« Grande-Terre », post-scriptum caribéen
L’album posthume du trompettiste Roy Hargrove enrichit une discographie déjà éclectique et toujours enthousiasmante.
dans l’hebdo N° 1832 Acheter ce numéro

© Ice Boy Tell
En 1995, le trompettiste Roy Hargrove est invité à Cuba par le pianiste Chucho Valdés. Il est alors âgé de 26 ans et possède une solide carrière dans le monde du jazz. Né au Texas, Hargrove avait été repéré par Wynton Marsalis, trompettiste et futur directeur du Jazz at the Lincoln Center.
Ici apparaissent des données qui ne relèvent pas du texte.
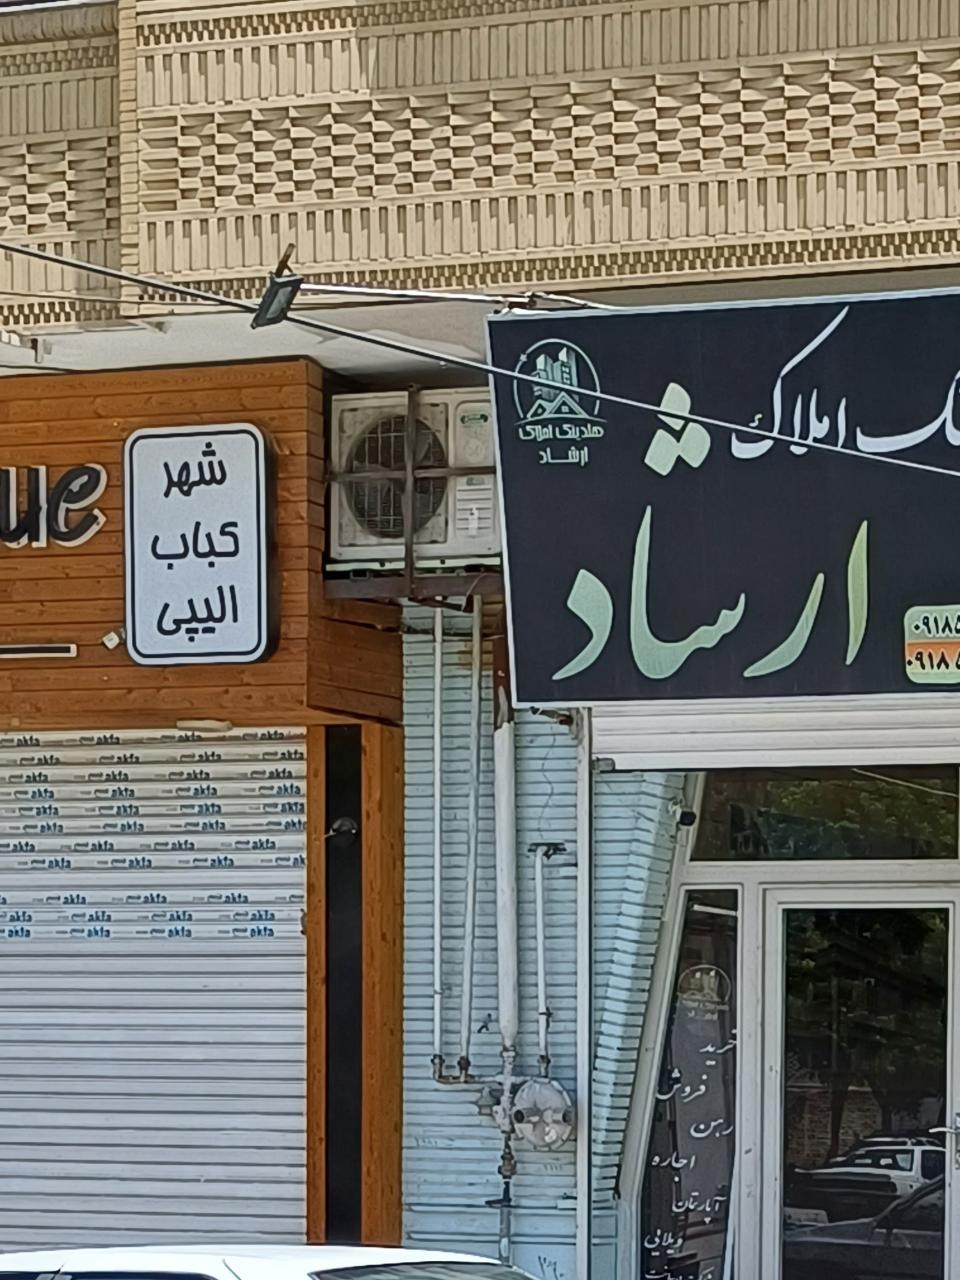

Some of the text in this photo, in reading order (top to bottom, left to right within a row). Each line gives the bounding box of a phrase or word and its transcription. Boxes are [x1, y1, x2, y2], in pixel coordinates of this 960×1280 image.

[731, 306, 849, 459] املاک
[163, 441, 228, 498] شهر
[539, 446, 589, 467] ارشاد
[151, 521, 239, 570] کباب
[552, 382, 869, 681] ارشاد
[157, 584, 239, 643] الیپی
[656, 1068, 706, 1103] فروش
[690, 1119, 734, 1138] رهن
[651, 1152, 696, 1182] اجاره
[672, 1191, 727, 1224] آپارتمان
Après un court passage à la Berklee School of Music et à la New School, il partage, à 17 ans, la scène avec Dizzy Gillespie ou Freddie Hubbard.
Le soir, à New York, Hargrove écume les clubs, toujours prêt à témoigner de sa virtuosité lors de jam-sessions. Le jeune musicien joue partout et tout le temps, seul ou avec son quintet (Stephen Scott au piano, Christian McBride à la contrebasse, Yoron Israel à la batterie et Antonio Hart au saxophone). À Paris, l’une de ses apparitions les plus explosives a justement lieu lors d’une jam-session improvisée.
En 1991, pendant un concert du saxophoniste Branford Marsalis au New Morning, une salle qu’Hargrove appréciera tout particulièrement, jusqu’à lui rendre hommage dans un morceau intitulé « Strasbourg/St. Denis », le trompettiste et certains membres de son quintet prennent la scène, prêts, comme l’ironise alors Marsalis, « à nous botter le derrière ». Le public est aux anges et la fougue de Hargrove, encore peu connue des Français, éclate comme une évidence.
En 1990, Roy Hargrove sort un premier album, Diamond in the Rough, puis quatre autres dans lesquels il explore les traditions du be-bop et du hard bop. En 1995, Parker’s Mood, enregistré en trio, est un hommage à Charlie Parker. Son jeu délicat et espiègle s’y impose et l’absence de batterie lui permet de développer les caractéristiques rythmiques de son phrasé.